Article By: MC1 Grant Ammon
The Naval Postgraduate School’s Dudley Knox Library has announced the launch of an extensive online institutional archive. The electronic repository, known as Calhoun, was created to bring NPS' scholarly contributions together, creating an easily searchable collection of scholarly, instructional and institutional publications and research products authored by members of the NPS community.
“Calhoun gives everyone one place to go to find out about the Naval Postgraduate School’s scholarly contributions,” said University Librarian Eleanor Uhlinger. “Right now you have to browse through many, many web pages, look through faculty websites or look through our library catalog to find theses. This is one central location that says these are the products of NPS.”

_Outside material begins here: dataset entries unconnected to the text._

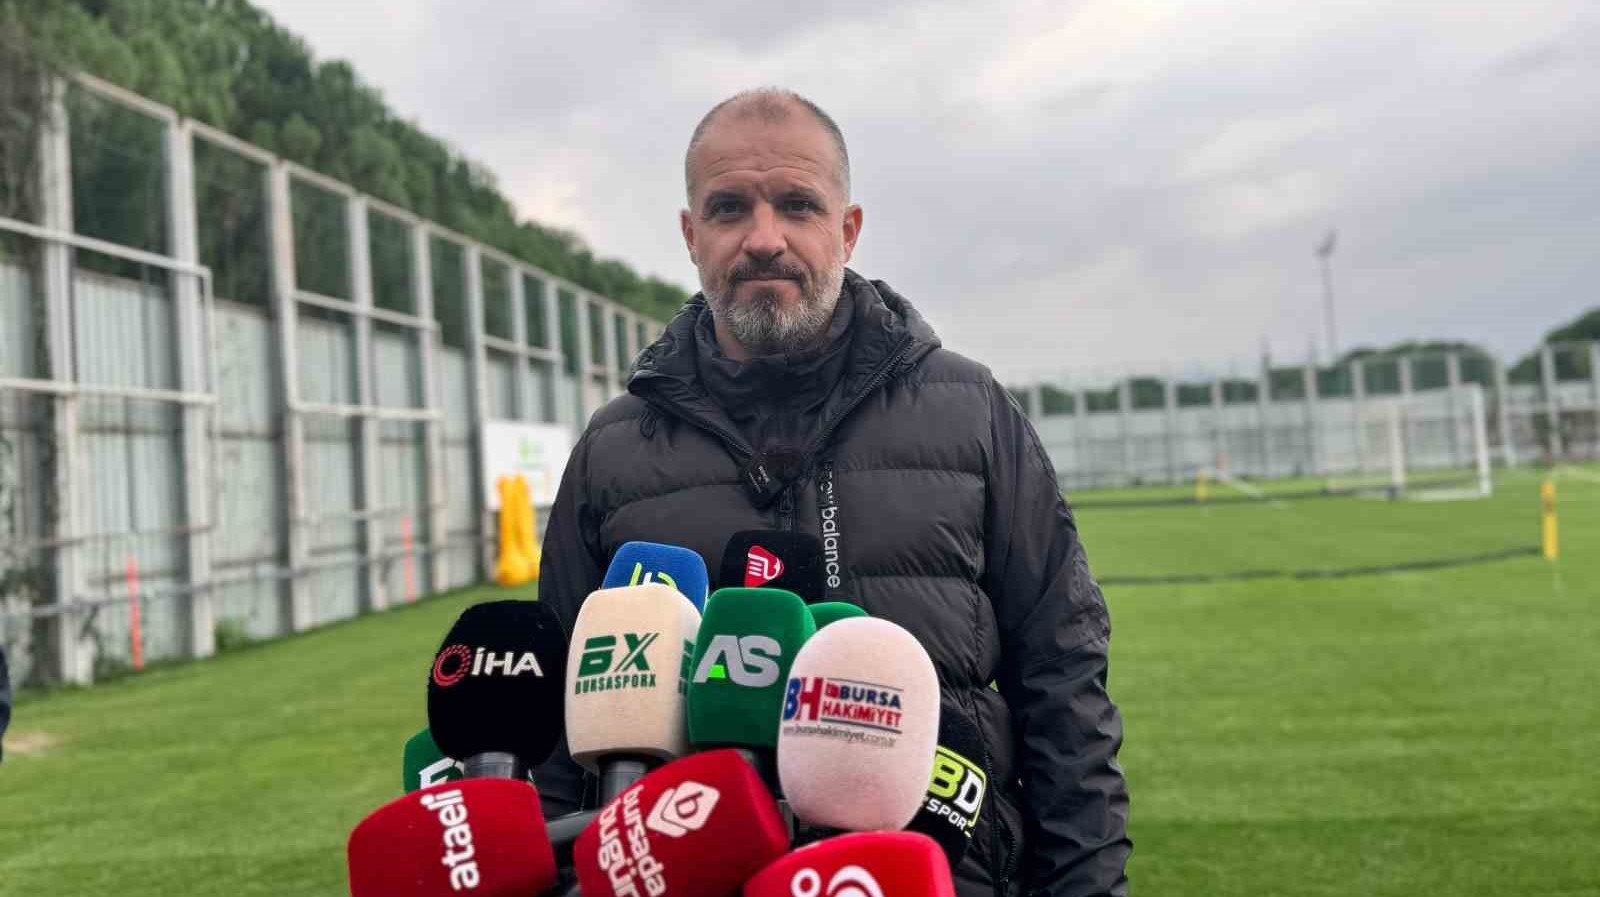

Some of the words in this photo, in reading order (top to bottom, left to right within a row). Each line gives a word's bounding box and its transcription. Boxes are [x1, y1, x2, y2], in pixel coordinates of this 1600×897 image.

[822, 506, 841, 588] balance
[472, 647, 543, 677] İHA
[578, 632, 658, 677] BX
[693, 635, 782, 687] AS
[575, 673, 656, 694] BURSASPORX
[840, 685, 902, 709] BURSA
[624, 784, 667, 897] bursada
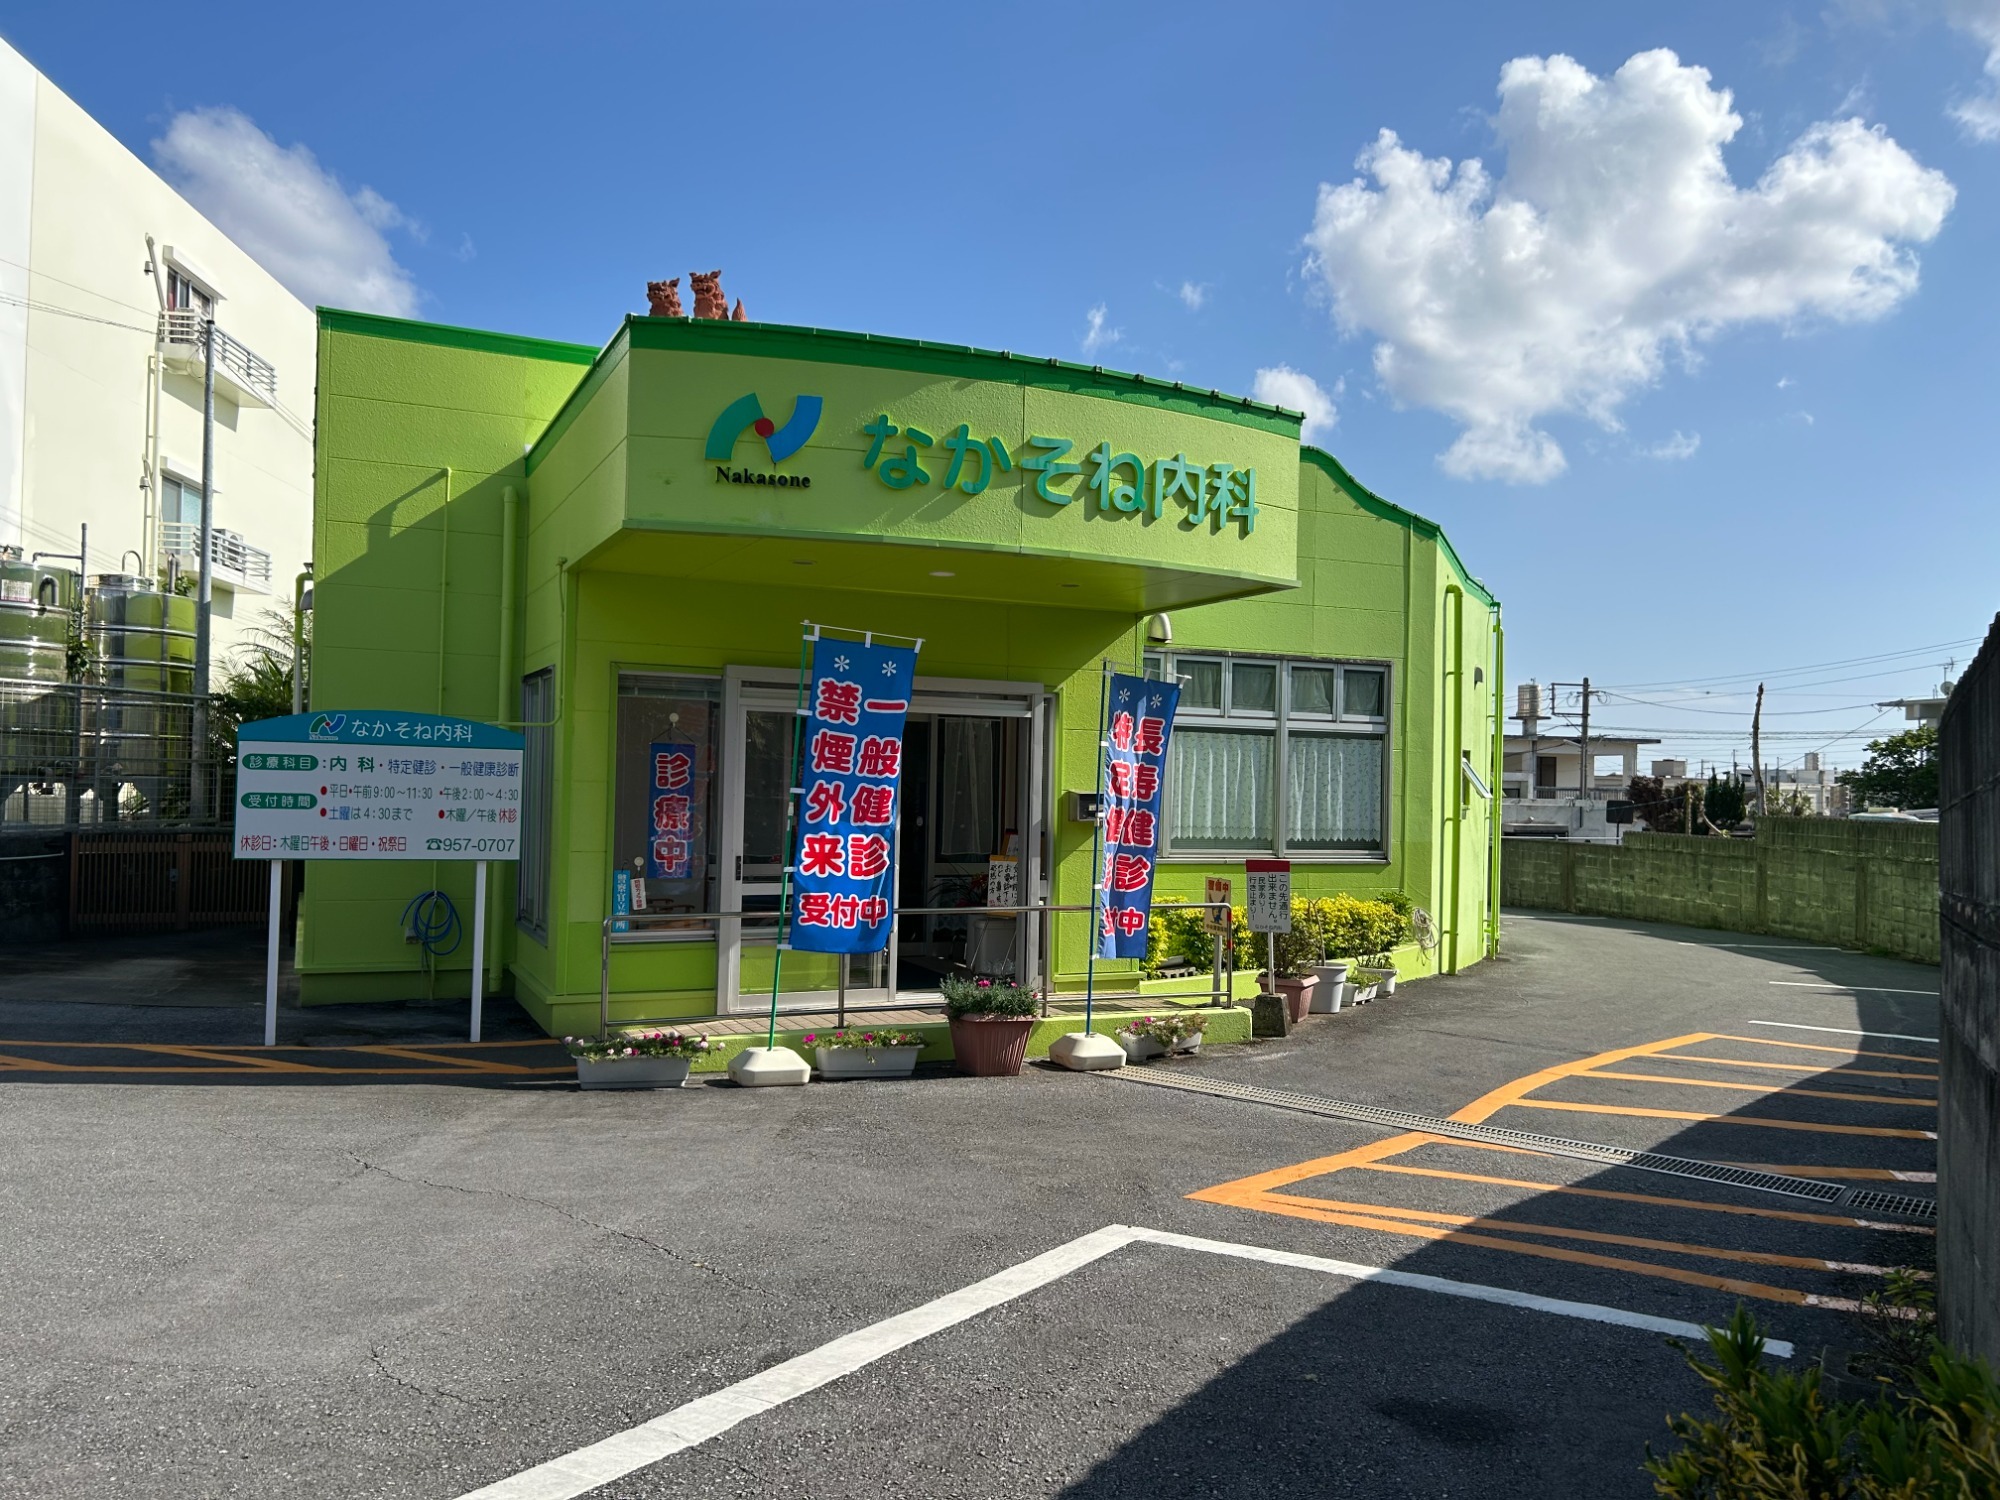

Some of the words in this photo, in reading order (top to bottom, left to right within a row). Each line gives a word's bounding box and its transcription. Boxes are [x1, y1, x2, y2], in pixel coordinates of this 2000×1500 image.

[715, 466, 811, 488] Nakasone
[863, 414, 1259, 534] なかそね内科
[351, 719, 473, 743] なかそね内科
[249, 755, 311, 769] 診療科目
[800, 677, 862, 878] 禁煙外来
[248, 794, 311, 808] 受付時間
[848, 699, 907, 880] 一般健診
[1114, 716, 1165, 892] 長寿健診
[653, 752, 691, 873] 診療中
[443, 837, 515, 852] 957-0707
[798, 891, 888, 929] 受付中
[1279, 874, 1289, 920] この先通行
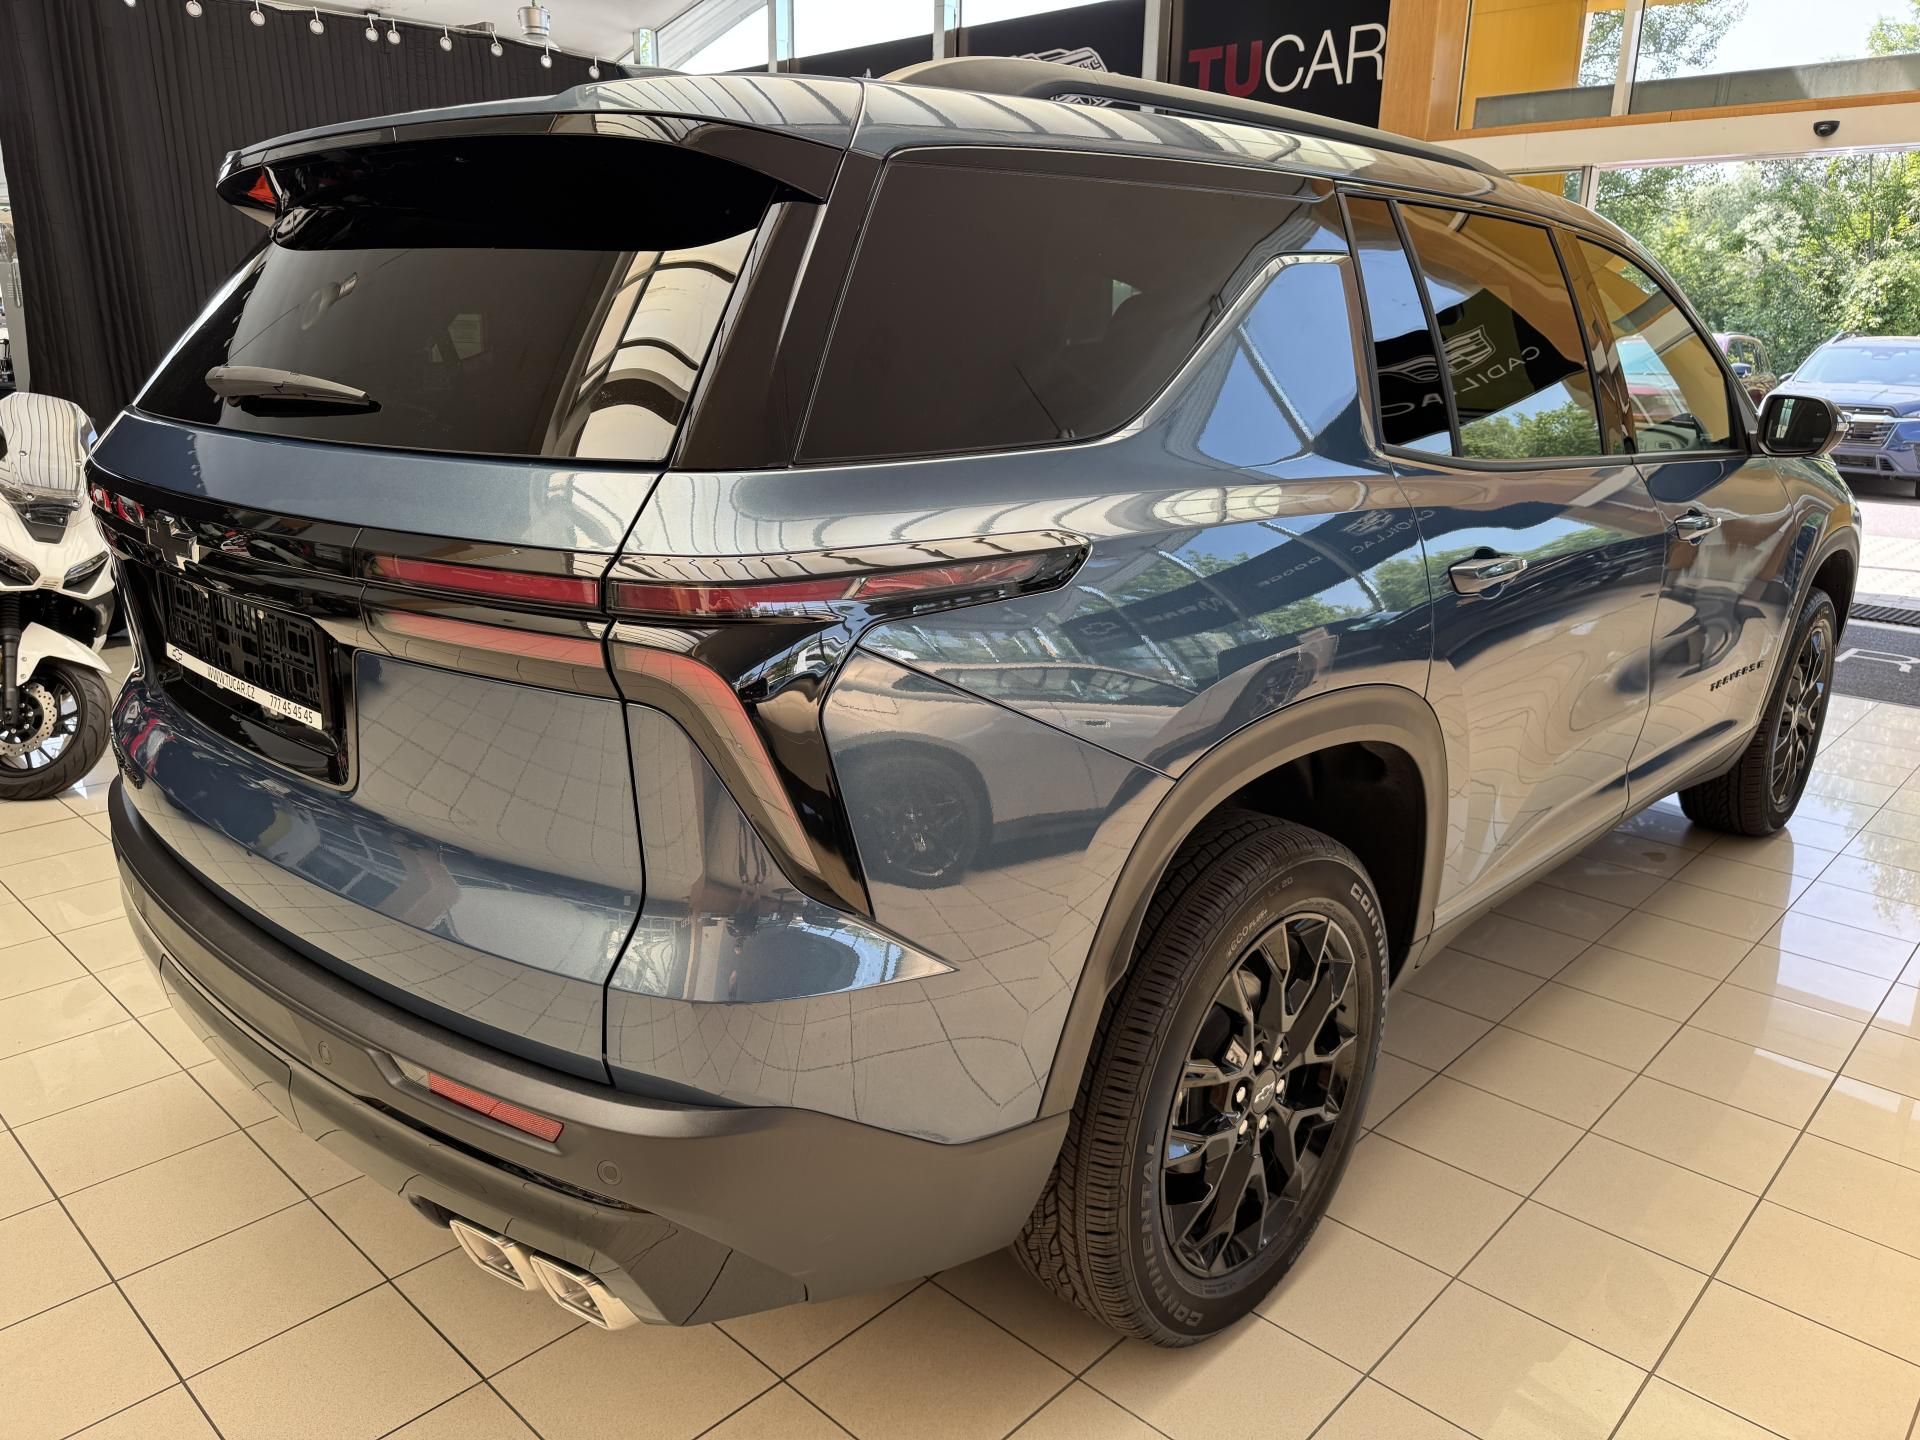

Calhoun, named after Prof. Guy K. Calhoun who is the first known appointment and published author from NPS, is based on the open source software DSpace created by the Massachusetts Institute of Technology and Hewlett-Packard, and is reflective of a new wave of thinking amongst library professionals.
Calhoun extends the reach of NPS-authored content by digitizing old documents and assigning electronic descriptions, or meta-tags, that allow search engines such as Google or Yahoo! to find them. Documents that were originally electronic are also assigned metadata, also allowing search engines to find easily find them.
“If you just go in the Internet and search a specific topic, you can’t see what is in our library’s catalog. Search engines can’t see beyond a certain point and it is meta-tagging that makes it possible for the search engines to index our content out to the world,” noted Berry. “Now when you look for terms in a search engine, it goes straight to this institution. Our stuff isn’t hidden under a layer of cataloging and other stuff; it’s right out there on the web now.”
Members of the team responsible for the creation of the Institutional Archive, Calhoun, pose for a photo in front of the Dudley Knox Library.
DKL officials noted that a significant portion of the repository's content are dissertations and theses authored by students at NPS – an already integral component to the library's collections.
We have 20,000 theses, with the earliest dating back to 1923, and maybe only about 5,000 of those are in electronic format, noted Berry. “If you want to find anything older than 2001 it’s tough,” she said. “One of the things the library has taken on is this big project to do this digitization, and it’s a massive effort. Works were on a shelf in the library waiting for people to come and find them and take them home. That is not the way libraries work anymore.”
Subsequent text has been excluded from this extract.